#### Your instructions
Repeat the entries in full. Each line must match exactly.

#### Records for this exercise
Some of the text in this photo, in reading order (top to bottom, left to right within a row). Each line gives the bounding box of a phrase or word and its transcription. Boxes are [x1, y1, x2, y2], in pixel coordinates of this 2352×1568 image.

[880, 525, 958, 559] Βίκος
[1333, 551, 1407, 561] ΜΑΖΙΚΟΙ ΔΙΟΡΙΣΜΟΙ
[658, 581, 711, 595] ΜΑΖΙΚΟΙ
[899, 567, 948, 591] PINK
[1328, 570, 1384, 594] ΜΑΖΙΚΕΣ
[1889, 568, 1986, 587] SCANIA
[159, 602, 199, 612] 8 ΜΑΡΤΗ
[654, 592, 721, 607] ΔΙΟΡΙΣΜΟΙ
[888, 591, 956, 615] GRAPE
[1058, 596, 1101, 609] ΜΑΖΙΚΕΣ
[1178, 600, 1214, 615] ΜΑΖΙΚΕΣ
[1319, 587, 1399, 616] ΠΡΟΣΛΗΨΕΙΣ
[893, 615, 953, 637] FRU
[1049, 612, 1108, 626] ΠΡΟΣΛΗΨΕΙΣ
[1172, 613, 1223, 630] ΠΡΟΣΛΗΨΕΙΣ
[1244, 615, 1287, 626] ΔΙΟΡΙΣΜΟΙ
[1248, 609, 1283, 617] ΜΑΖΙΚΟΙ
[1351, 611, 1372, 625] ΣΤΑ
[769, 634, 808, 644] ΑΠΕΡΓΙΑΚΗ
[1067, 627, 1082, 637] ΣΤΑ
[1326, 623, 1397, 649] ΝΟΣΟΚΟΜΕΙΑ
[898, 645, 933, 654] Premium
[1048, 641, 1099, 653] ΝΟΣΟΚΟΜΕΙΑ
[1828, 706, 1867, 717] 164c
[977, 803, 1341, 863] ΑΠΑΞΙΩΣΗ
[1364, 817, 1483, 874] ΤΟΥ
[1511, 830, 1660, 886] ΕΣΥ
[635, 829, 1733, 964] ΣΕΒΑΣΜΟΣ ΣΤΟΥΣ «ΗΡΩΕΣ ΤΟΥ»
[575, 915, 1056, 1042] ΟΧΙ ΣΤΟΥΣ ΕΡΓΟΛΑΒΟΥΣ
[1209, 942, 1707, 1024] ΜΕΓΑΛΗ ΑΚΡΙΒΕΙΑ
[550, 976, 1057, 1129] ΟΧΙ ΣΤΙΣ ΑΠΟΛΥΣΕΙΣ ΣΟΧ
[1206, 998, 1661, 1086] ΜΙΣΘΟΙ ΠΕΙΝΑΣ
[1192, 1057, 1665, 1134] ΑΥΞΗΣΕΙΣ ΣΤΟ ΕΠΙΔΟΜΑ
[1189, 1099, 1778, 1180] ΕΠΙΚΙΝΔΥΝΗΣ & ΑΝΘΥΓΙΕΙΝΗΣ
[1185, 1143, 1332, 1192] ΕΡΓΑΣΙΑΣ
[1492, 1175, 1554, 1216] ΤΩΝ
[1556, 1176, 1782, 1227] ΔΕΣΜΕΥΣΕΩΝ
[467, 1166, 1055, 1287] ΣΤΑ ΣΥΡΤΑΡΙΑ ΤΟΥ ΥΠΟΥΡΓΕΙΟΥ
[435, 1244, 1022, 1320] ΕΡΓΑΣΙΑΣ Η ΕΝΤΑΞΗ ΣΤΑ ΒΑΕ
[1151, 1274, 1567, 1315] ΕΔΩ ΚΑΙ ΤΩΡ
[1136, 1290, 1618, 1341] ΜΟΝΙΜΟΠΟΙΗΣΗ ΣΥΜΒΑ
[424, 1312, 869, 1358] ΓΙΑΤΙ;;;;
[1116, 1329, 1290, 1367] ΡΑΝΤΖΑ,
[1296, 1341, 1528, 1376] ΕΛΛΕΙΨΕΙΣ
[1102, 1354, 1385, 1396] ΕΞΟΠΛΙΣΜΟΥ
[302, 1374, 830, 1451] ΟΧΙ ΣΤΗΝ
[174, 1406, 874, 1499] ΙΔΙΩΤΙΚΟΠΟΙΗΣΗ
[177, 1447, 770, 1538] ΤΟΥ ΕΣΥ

#### Task output
Some of the text in this photo, in reading order (top to bottom, left to right within a row). Each line gives the bounding box of a phrase or word and its transcription. Boxes are [x1, y1, x2, y2], in pixel coordinates of this 2352×1568 image.

[880, 525, 958, 559] Βίκος
[1333, 551, 1407, 561] ΜΑΖΙΚΟΙ ΔΙΟΡΙΣΜΟΙ
[658, 581, 711, 595] ΜΑΖΙΚΟΙ
[899, 567, 948, 591] PINK
[1328, 570, 1384, 594] ΜΑΖΙΚΕΣ
[1889, 568, 1986, 587] SCANIA
[159, 602, 199, 612] 8 ΜΑΡΤΗ
[654, 592, 721, 607] ΔΙΟΡΙΣΜΟΙ
[888, 591, 956, 615] GRAPE
[1058, 596, 1101, 609] ΜΑΖΙΚΕΣ
[1178, 600, 1214, 615] ΜΑΖΙΚΕΣ
[1319, 587, 1399, 616] ΠΡΟΣΛΗΨΕΙΣ
[893, 615, 953, 637] FRU
[1049, 612, 1108, 626] ΠΡΟΣΛΗΨΕΙΣ
[1172, 613, 1223, 630] ΠΡΟΣΛΗΨΕΙΣ
[1244, 615, 1287, 626] ΔΙΟΡΙΣΜΟΙ
[1248, 609, 1283, 617] ΜΑΖΙΚΟΙ
[1351, 611, 1372, 625] ΣΤΑ
[769, 634, 808, 644] ΑΠΕΡΓΙΑΚΗ
[1067, 627, 1082, 637] ΣΤΑ
[1326, 623, 1397, 649] ΝΟΣΟΚΟΜΕΙΑ
[898, 645, 933, 654] Premium
[1048, 641, 1099, 653] ΝΟΣΟΚΟΜΕΙΑ
[1828, 706, 1867, 717] 164c
[977, 803, 1341, 863] ΑΠΑΞΙΩΣΗ
[1364, 817, 1483, 874] ΤΟΥ
[1511, 830, 1660, 886] ΕΣΥ
[635, 829, 1733, 964] ΣΕΒΑΣΜΟΣ ΣΤΟΥΣ «ΗΡΩΕΣ ΤΟΥ»
[575, 915, 1056, 1042] ΟΧΙ ΣΤΟΥΣ ΕΡΓΟΛΑΒΟΥΣ
[1209, 942, 1707, 1024] ΜΕΓΑΛΗ ΑΚΡΙΒΕΙΑ
[550, 976, 1057, 1129] ΟΧΙ ΣΤΙΣ ΑΠΟΛΥΣΕΙΣ ΣΟΧ
[1206, 998, 1661, 1086] ΜΙΣΘΟΙ ΠΕΙΝΑΣ
[1192, 1057, 1665, 1134] ΑΥΞΗΣΕΙΣ ΣΤΟ ΕΠΙΔΟΜΑ
[1189, 1099, 1778, 1180] ΕΠΙΚΙΝΔΥΝΗΣ & ΑΝΘΥΓΙΕΙΝΗΣ
[1185, 1143, 1332, 1192] ΕΡΓΑΣΙΑΣ
[1492, 1175, 1554, 1216] ΤΩΝ
[1556, 1176, 1782, 1227] ΔΕΣΜΕΥΣΕΩΝ
[467, 1166, 1055, 1287] ΣΤΑ ΣΥΡΤΑΡΙΑ ΤΟΥ ΥΠΟΥΡΓΕΙΟΥ
[435, 1244, 1022, 1320] ΕΡΓΑΣΙΑΣ Η ΕΝΤΑΞΗ ΣΤΑ ΒΑΕ
[1151, 1274, 1567, 1315] ΕΔΩ ΚΑΙ ΤΩΡ
[1136, 1290, 1618, 1341] ΜΟΝΙΜΟΠΟΙΗΣΗ ΣΥΜΒΑ
[424, 1312, 869, 1358] ΓΙΑΤΙ;;;;
[1116, 1329, 1290, 1367] ΡΑΝΤΖΑ,
[1296, 1341, 1528, 1376] ΕΛΛΕΙΨΕΙΣ
[1102, 1354, 1385, 1396] ΕΞΟΠΛΙΣΜΟΥ
[302, 1374, 830, 1451] ΟΧΙ ΣΤΗΝ
[174, 1406, 874, 1499] ΙΔΙΩΤΙΚΟΠΟΙΗΣΗ
[177, 1447, 770, 1538] ΤΟΥ ΕΣΥ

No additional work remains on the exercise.